Drawing from daily lives of indigenous youth, these kinds of questions are carefully designed in a project titled “Being and Becoming Indigenous” to provide space for youth from four indigenous communities to discuss their own perception on their indigeneity in the midst of modernity. Some of these questions are actually reflected from questions that are often being asked by the non-indigenous persons to the youth, questioning their identity as part of indigenous communities. These kinds of questions have left these youth confused as these kinds of seemed-to-be-contradictions are rarely discussed. As these crossroads between indigeneity and modernity of indigenous youth’s identity is rarely discussed, the directions of changes that are likely to happen are not well-planned.

Indigenous Youth of Mollo, in South Central Timor Regency, East Nusa Tenggara Province. Resource: Lakoat Kujawas

The “Being and Becoming Indigenous” is a project to empower indigenous youth by creating a space for them to understand their roots and the meaning of their traditions, especially on natural resources governance, in the midst of modern life.
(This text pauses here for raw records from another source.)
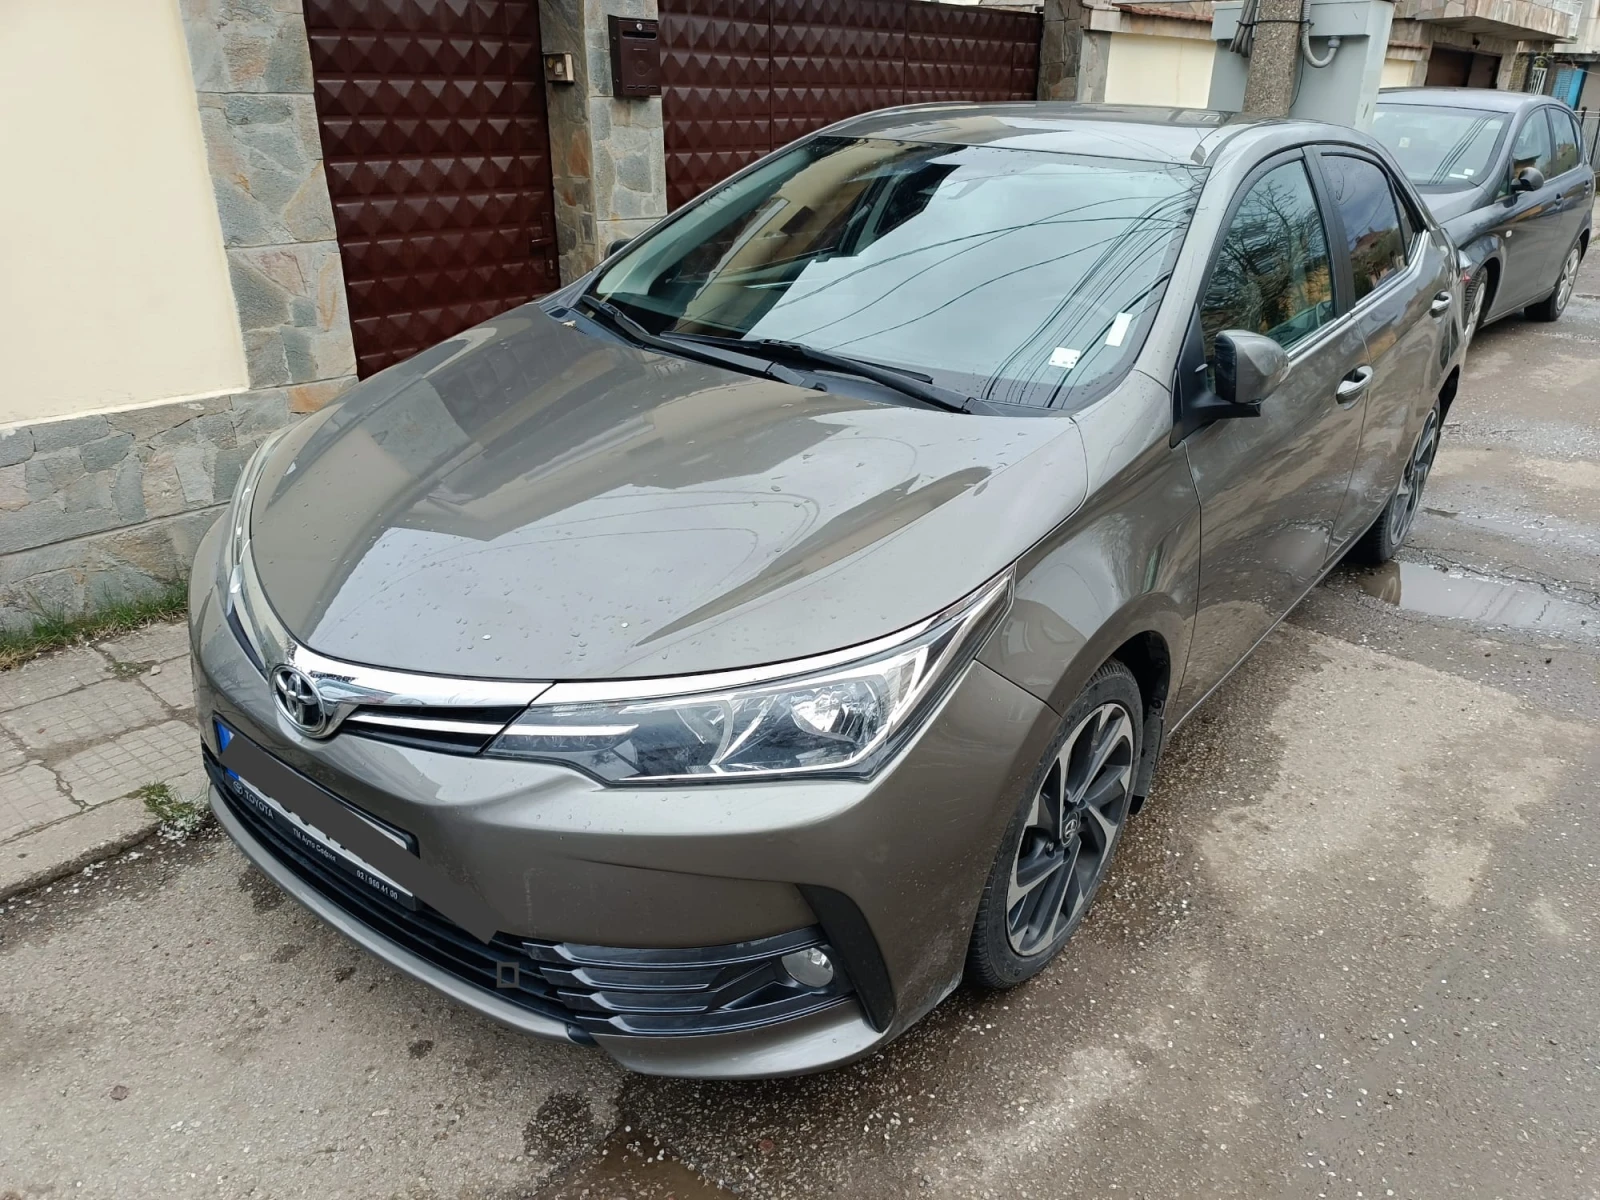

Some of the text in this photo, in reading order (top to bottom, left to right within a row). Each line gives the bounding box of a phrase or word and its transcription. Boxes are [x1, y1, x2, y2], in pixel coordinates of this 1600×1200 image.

[244, 790, 274, 820] TOYOTA
[356, 869, 365, 880] 02
[380, 884, 388, 895] 41
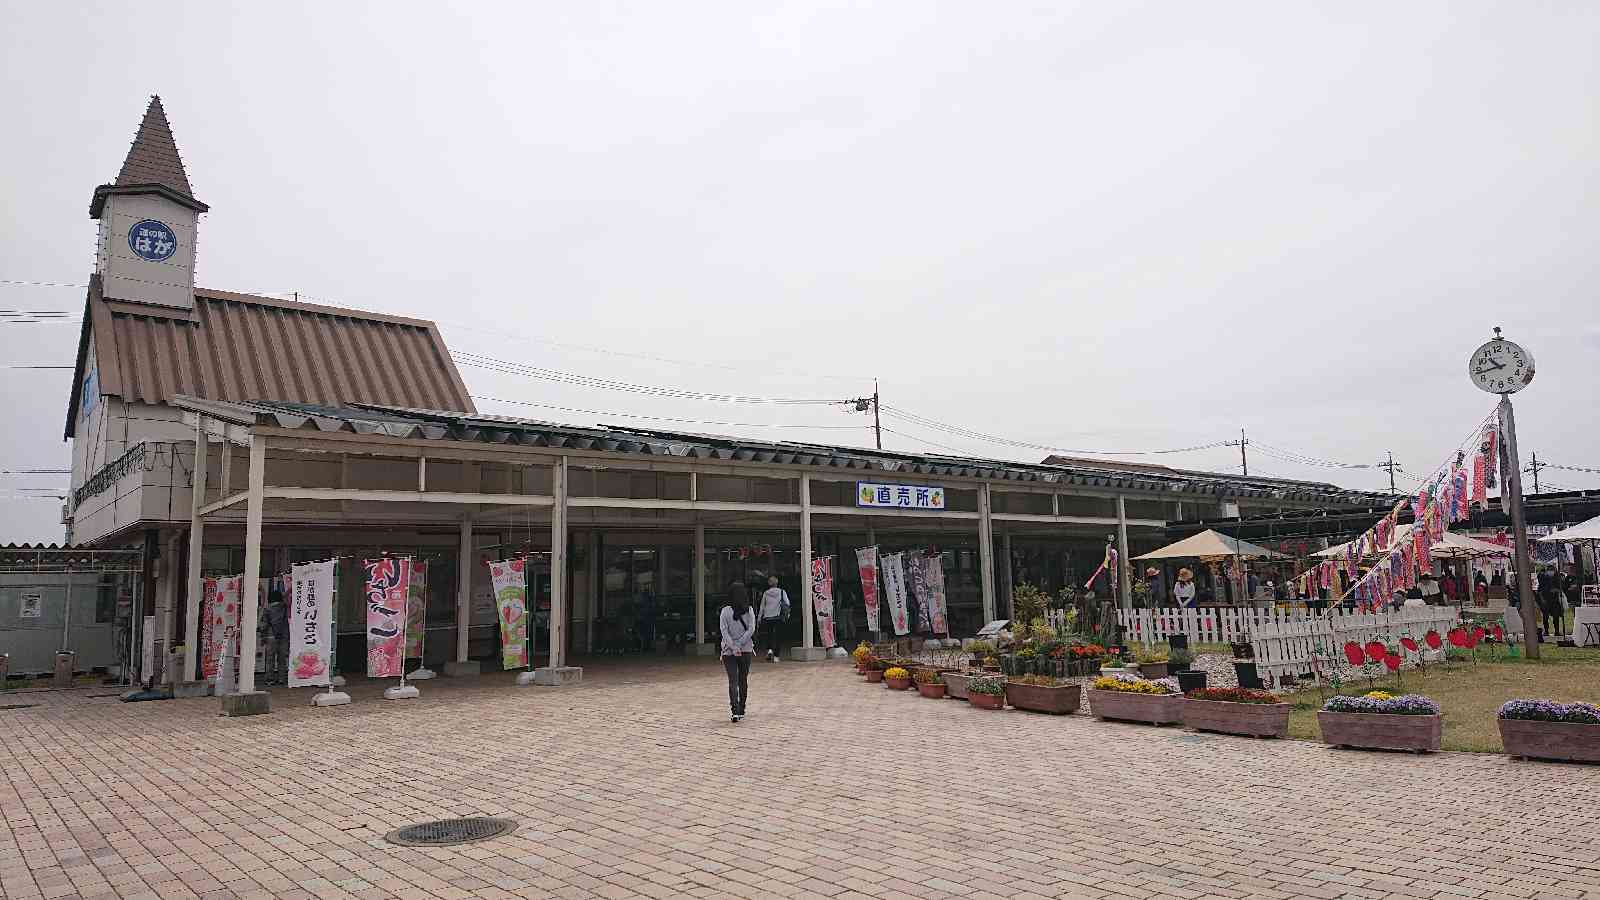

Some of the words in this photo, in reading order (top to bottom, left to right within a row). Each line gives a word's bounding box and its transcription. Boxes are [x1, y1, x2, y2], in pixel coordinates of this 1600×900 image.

[138, 227, 168, 240] 道の駅
[135, 236, 174, 255] はが
[1493, 345, 1502, 353] 12
[1516, 359, 1523, 368] 3
[1498, 380, 1504, 388] 6
[877, 486, 929, 507] 直売所
This project also aims to contribute to strengthening the youth’s perception on indigeneity that implies to these youth’s participation in reproducing their community’s communal-based livelihoods practices in the long run. Youth of four indigenous communities namely Kasepuhan Pasir Eurih in Lebak Regency, Banten Province, Mollo in South Central Timor Regency, East Nusa Tenggara Province, both located in Indonesia, and Agta-Dumagat-Remontado in the Philippines will experience the opportunity to define their identity as being part of indigenous communities whilst living and be connected, including digitally, to the modern world. Co-learning space will be enjoyed by these youth to understand the meaning of being and becoming indigenous in the next eight months.

This project is led by RMI-the Indonesian Institute for Forest and Environment in collaboration with Asian Farmers Association for Sustainable Rural Development (AFA). Acting as local implementers are Lakoat Kujawas in Indonesia, and PAKISAMA in the Philippines. “Being and Becoming Indigenous” is a project supported by VOICE programme.

Please the process of these indigenous youth in perceiving their identities as part of global youth culture whilst also rooting in to their traditions!